It was in Tina and Colby's interest to keep Keith around, for the same reason. Had that been the case, there is no way Keith would have won. The only problem was that Colby let emotions get in the way of his judgment. Neleh was definitely correct to bring Vee, rather than Kathy, into the finals with her. Had the Rotu 4 not been so vindictive and immature, Neleh would have won. Chris knew that he had to face Twila in the Vanuatu jury, because she was “the most controversial player,” as he explained in his RNO interview. He was, of course, correct. Same with Danni knowing she had to face off against Stephenie rather than the well-liked Rafe in Guatemala.
The Jury Phase
If you play your cards right, you might eventually get to the jury phase, specifically being in the Final Two. If you do make it, you need to be ready, and many previous final two contestants have not been.
Clay showed us a great maneuver for the jury when he made it seem like he was on Penny's side, even to the point of voting against Jake instead of her when he knew she was going. He made the others in his alliance, mainly Brian, think he was doing this all to confuse Jake. But he had told Penny he was on her side. So what happened? She was voted out and placed in the jury, ready to vote for Clay should he be in the Final Two.
But even without going to extremes like that, you have to realize how important jury arguments are. In fact, they are $900,000 important! So be prepared. Be ready to tell the jury why they should vote for you and not for the other person. Many Survivor winners have been decided by a single vote, which could have been changed during that final Tribal Council. And even Amazon, which was a landslide, was won in part by Jenna because Matthew messed up his final arguments. While many of those on the jury were probably already leaning towards Jenna, Matthew made sure they went that way. As Rob C. said in an interview with me, “I personally also felt that Matthew had a very poor final tribal council showing. His opening statements were along the lines of, ‘I have played this game with utter honesty and integrity,’ and his closing statements were, ‘I have been deceitful and dishonest during this game.’ All in all I felt the entire performance was inconsistent, whereas Jenna's responses (while not divine answers from the heavens) were more straightforward and truthful.”
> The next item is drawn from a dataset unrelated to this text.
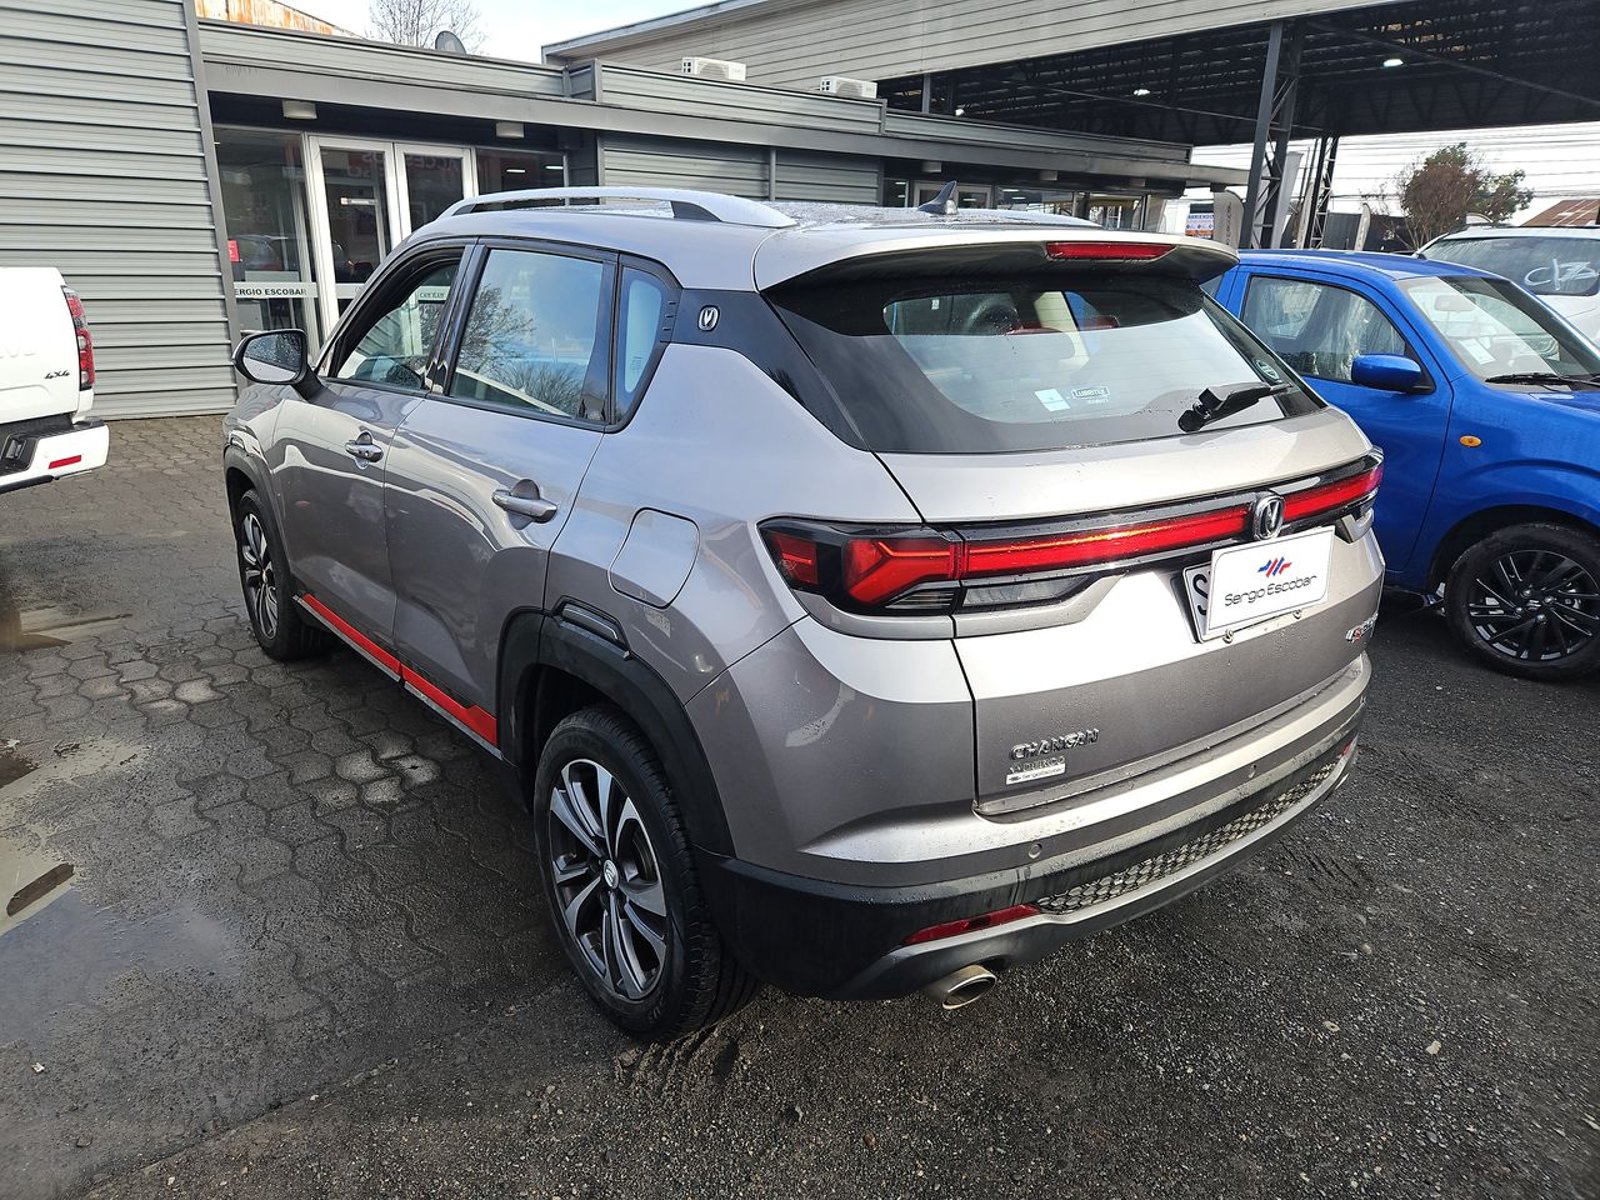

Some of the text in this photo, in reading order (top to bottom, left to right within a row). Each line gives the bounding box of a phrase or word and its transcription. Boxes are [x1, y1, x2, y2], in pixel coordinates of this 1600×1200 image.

[235, 288, 307, 296] ERGIO ESCOBAR
[1224, 574, 1318, 607] Sergio Escobar
[1008, 727, 1100, 761] CHANGAN
Sometimes, it's obvious what you need to say. Sometimes, it's not. Neleh went to the final Tribal Council without a clue that the Rotu 4 were so vindictive and basically wanted her to apologize for beating them. Clay had no answers for those who accused him of being lazy. But Brian eventually caught on that Helen wanted an apology from him, and he gave it, thus securing her vote and the win. And Chris began with a vague opening statement that allowed him to figure out the best way to tackle the jury – and then he followed through with one of the best jury performances ever. More recently, Aras did a good job of reading people in the jury and played up that he had shown integrity while still playing the game and getting to know them on a personal level.
If the jury is looking for apologies, then in general they are good. Say you're sorry to those you ran over to get there. While you're at it, flatter ‘em – it never hurts. Point out that it was nothing personal, but you only acted that way for the game. Etc. But don’t overdo it, or they will know you are faking. On the other hand, some jurors won’t be voting on a personal level, but on game play. In that case, you have to reverse yourself and talk about what a great job you did of outplaying them. It all depends on the jury.
In short, whether it's through seeding the jury with people who will vote for you (a difficult task) or simply knowing what they want to hear, you need to think about the jury before you actually have to face them. In case you haven’t thought it all the way through, RNO writer Betsy Wasser did it for you in her article on Surviving the Jury.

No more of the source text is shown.